> Task objective
Going through the entries, how many lines include the string "pixel"? Answer only with the number.

(Phrase grounding data)
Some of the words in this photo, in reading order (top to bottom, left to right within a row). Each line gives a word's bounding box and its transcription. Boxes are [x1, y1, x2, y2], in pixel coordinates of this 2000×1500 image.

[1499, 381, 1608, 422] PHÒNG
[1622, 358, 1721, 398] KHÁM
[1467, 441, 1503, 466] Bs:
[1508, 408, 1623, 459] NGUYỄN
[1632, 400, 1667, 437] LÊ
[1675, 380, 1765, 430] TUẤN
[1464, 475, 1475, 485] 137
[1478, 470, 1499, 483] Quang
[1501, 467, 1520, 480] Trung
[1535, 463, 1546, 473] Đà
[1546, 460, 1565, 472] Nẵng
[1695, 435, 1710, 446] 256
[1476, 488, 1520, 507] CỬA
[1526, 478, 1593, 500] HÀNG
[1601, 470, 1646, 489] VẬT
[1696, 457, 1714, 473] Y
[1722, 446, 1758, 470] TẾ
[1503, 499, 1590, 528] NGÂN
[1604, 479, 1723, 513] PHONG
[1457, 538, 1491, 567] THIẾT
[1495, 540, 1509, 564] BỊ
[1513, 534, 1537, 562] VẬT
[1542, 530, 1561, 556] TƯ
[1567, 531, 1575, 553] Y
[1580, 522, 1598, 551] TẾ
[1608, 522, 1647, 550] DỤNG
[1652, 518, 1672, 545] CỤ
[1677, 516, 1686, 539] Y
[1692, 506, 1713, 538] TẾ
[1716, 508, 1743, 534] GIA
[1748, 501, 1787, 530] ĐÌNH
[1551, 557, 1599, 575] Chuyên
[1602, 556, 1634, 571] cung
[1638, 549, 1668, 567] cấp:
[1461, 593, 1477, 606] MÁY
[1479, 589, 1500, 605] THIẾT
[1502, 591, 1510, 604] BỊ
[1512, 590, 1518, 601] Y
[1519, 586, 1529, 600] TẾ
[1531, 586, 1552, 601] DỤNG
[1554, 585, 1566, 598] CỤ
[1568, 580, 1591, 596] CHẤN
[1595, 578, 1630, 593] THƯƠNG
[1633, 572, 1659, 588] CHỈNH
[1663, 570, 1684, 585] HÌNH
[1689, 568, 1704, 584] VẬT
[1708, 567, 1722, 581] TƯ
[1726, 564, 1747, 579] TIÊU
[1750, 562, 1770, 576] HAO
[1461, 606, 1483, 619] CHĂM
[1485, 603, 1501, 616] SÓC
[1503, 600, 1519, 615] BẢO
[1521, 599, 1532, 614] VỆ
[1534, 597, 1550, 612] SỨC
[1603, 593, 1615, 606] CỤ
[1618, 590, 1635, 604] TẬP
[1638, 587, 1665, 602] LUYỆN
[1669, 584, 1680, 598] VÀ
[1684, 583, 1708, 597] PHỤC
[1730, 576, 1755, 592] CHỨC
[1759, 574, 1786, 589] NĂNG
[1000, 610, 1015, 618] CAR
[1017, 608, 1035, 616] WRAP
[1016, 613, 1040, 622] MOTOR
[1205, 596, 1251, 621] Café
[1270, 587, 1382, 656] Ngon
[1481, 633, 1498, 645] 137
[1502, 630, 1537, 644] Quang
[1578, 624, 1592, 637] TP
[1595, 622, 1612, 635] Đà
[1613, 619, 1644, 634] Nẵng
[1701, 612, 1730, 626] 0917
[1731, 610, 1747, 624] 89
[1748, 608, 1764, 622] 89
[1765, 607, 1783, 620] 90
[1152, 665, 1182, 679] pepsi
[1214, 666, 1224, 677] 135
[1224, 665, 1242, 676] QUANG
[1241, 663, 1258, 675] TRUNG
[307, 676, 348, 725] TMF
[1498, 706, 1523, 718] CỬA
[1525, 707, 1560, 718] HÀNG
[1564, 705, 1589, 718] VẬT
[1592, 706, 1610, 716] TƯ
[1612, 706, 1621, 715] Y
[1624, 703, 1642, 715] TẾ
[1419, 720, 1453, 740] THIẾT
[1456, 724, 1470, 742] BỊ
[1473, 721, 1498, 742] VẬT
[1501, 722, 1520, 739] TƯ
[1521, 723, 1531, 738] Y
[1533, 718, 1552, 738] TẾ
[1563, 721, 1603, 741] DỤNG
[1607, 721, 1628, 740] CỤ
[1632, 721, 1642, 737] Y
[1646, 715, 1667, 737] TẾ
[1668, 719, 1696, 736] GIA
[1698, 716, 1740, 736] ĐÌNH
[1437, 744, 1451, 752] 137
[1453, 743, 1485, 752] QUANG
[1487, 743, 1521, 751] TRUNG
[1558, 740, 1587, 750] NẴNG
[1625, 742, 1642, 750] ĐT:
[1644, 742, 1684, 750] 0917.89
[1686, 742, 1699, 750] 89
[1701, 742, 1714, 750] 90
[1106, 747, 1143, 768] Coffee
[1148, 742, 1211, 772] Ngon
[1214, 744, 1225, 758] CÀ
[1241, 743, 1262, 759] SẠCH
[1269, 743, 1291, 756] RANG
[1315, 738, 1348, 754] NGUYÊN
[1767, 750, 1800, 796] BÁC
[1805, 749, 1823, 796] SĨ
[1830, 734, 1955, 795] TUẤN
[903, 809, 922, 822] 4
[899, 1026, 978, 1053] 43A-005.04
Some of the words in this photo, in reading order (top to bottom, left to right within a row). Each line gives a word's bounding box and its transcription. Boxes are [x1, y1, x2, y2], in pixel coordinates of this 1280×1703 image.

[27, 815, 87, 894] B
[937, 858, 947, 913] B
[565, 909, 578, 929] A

> Written reply
2